Top of SOURCE RECORDS

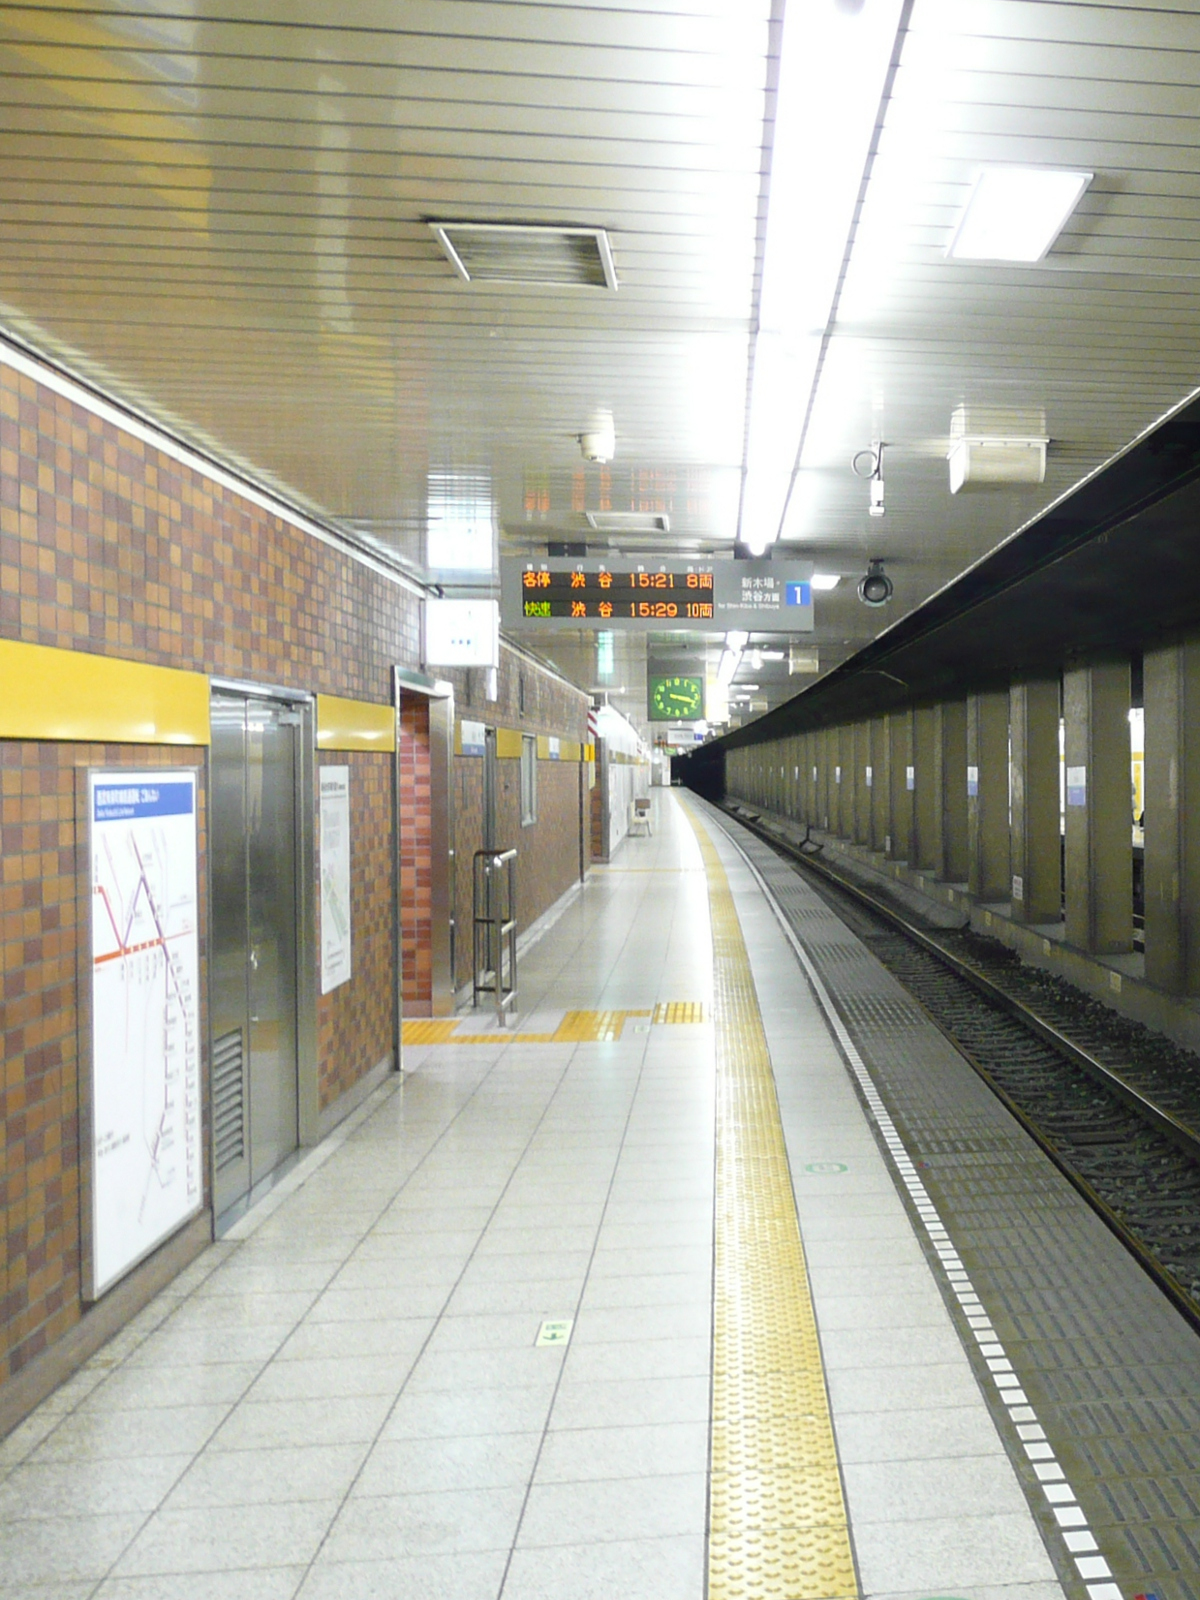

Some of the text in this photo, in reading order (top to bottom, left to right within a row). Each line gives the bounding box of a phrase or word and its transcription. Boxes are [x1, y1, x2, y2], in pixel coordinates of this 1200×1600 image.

[523, 572, 551, 587] 各停
[630, 573, 674, 588] 15:21
[686, 573, 713, 589] 8両
[742, 590, 780, 602] 渋谷方面
[794, 586, 802, 605] 1
[524, 601, 551, 617] 快速
[630, 602, 678, 618] 15:29
[686, 602, 713, 618] 10両

Bottom of SOURCE RECORDS

Could you set down every record above word for word, leaving out the pictures?

Some of the text in this photo, in reading order (top to bottom, left to right within a row). Each line gives the bounding box of a phrase or word and its transcription. Boxes are [x1, y1, x2, y2], in pixel coordinates of this 1200×1600 image.

[523, 572, 551, 587] 各停
[630, 573, 674, 588] 15:21
[686, 573, 713, 589] 8両
[742, 590, 780, 602] 渋谷方面
[794, 586, 802, 605] 1
[524, 601, 551, 617] 快速
[630, 602, 678, 618] 15:29
[686, 602, 713, 618] 10両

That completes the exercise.